▶ Records for this exercise
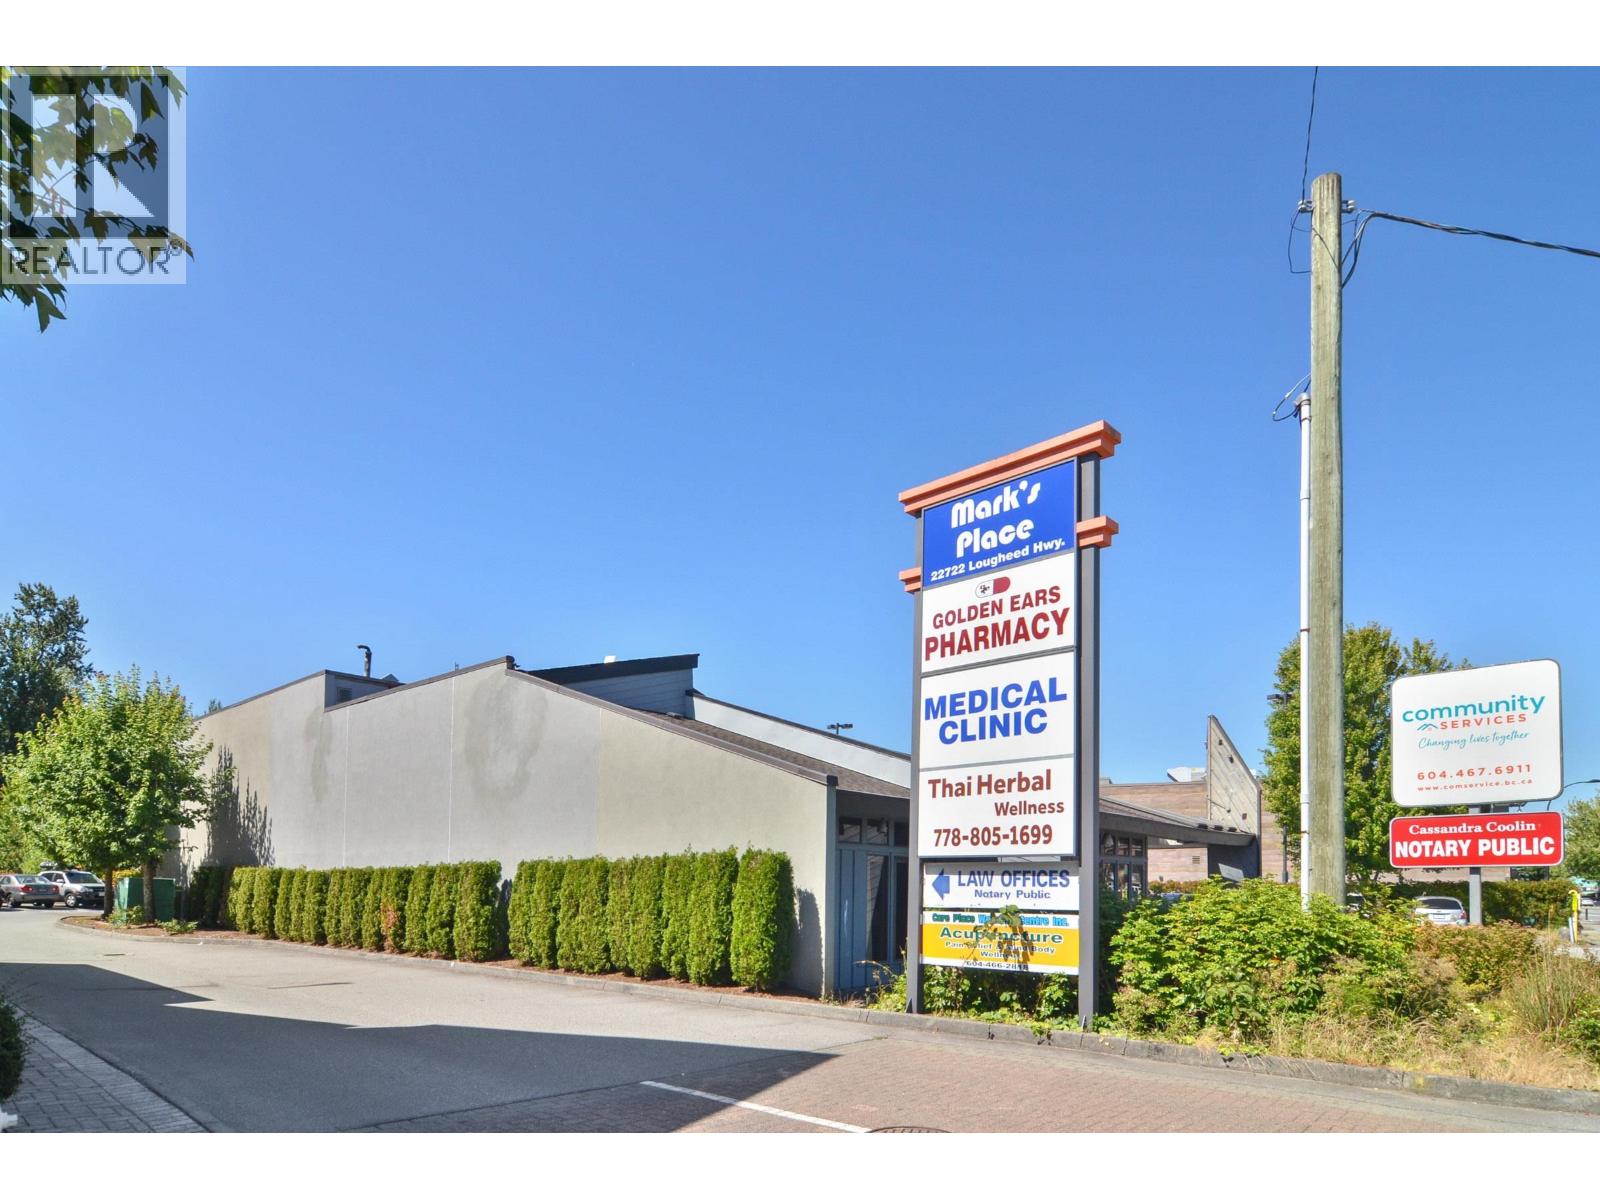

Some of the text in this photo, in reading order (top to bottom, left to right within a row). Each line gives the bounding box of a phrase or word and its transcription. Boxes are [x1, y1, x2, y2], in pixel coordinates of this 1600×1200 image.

[951, 480, 1040, 528] Mark's
[956, 518, 1034, 558] Place
[930, 538, 1065, 582] 22722 Lougheed Hwy.
[932, 585, 1061, 629] GOLDEN EARS
[925, 607, 1070, 661] PHARMACY
[924, 677, 1067, 720] MEDICAL
[1402, 694, 1546, 723] community
[939, 708, 1048, 745] CLINIC
[1439, 713, 1527, 730] SERVICES
[1418, 730, 1530, 751] Changing lives together
[928, 769, 1051, 798] Thai Herbal
[1417, 764, 1531, 781] 604.467.6911
[1417, 779, 1533, 792] www.comservice.bc.ca
[994, 800, 1065, 817] Wellness
[934, 824, 1053, 847] 778-805-1699
[1409, 821, 1536, 835] Cassandra Coolin
[1395, 837, 1555, 858] NOTARY PUBLIC
[957, 869, 1070, 888] LAW OFFICES
[974, 889, 1051, 900] Notary Public
[940, 927, 1063, 943] Acupncture

▶ Task objective
Could you please write out the entries exactly as they are, with every picture left out?

▶ Written reply
Some of the text in this photo, in reading order (top to bottom, left to right within a row). Each line gives the bounding box of a phrase or word and its transcription. Boxes are [x1, y1, x2, y2], in pixel coordinates of this 1600×1200 image.

[951, 480, 1040, 528] Mark's
[956, 518, 1034, 558] Place
[930, 538, 1065, 582] 22722 Lougheed Hwy.
[932, 585, 1061, 629] GOLDEN EARS
[925, 607, 1070, 661] PHARMACY
[924, 677, 1067, 720] MEDICAL
[1402, 694, 1546, 723] community
[939, 708, 1048, 745] CLINIC
[1439, 713, 1527, 730] SERVICES
[1418, 730, 1530, 751] Changing lives together
[928, 769, 1051, 798] Thai Herbal
[1417, 764, 1531, 781] 604.467.6911
[1417, 779, 1533, 792] www.comservice.bc.ca
[994, 800, 1065, 817] Wellness
[934, 824, 1053, 847] 778-805-1699
[1409, 821, 1536, 835] Cassandra Coolin
[1395, 837, 1555, 858] NOTARY PUBLIC
[957, 869, 1070, 888] LAW OFFICES
[974, 889, 1051, 900] Notary Public
[940, 927, 1063, 943] Acupncture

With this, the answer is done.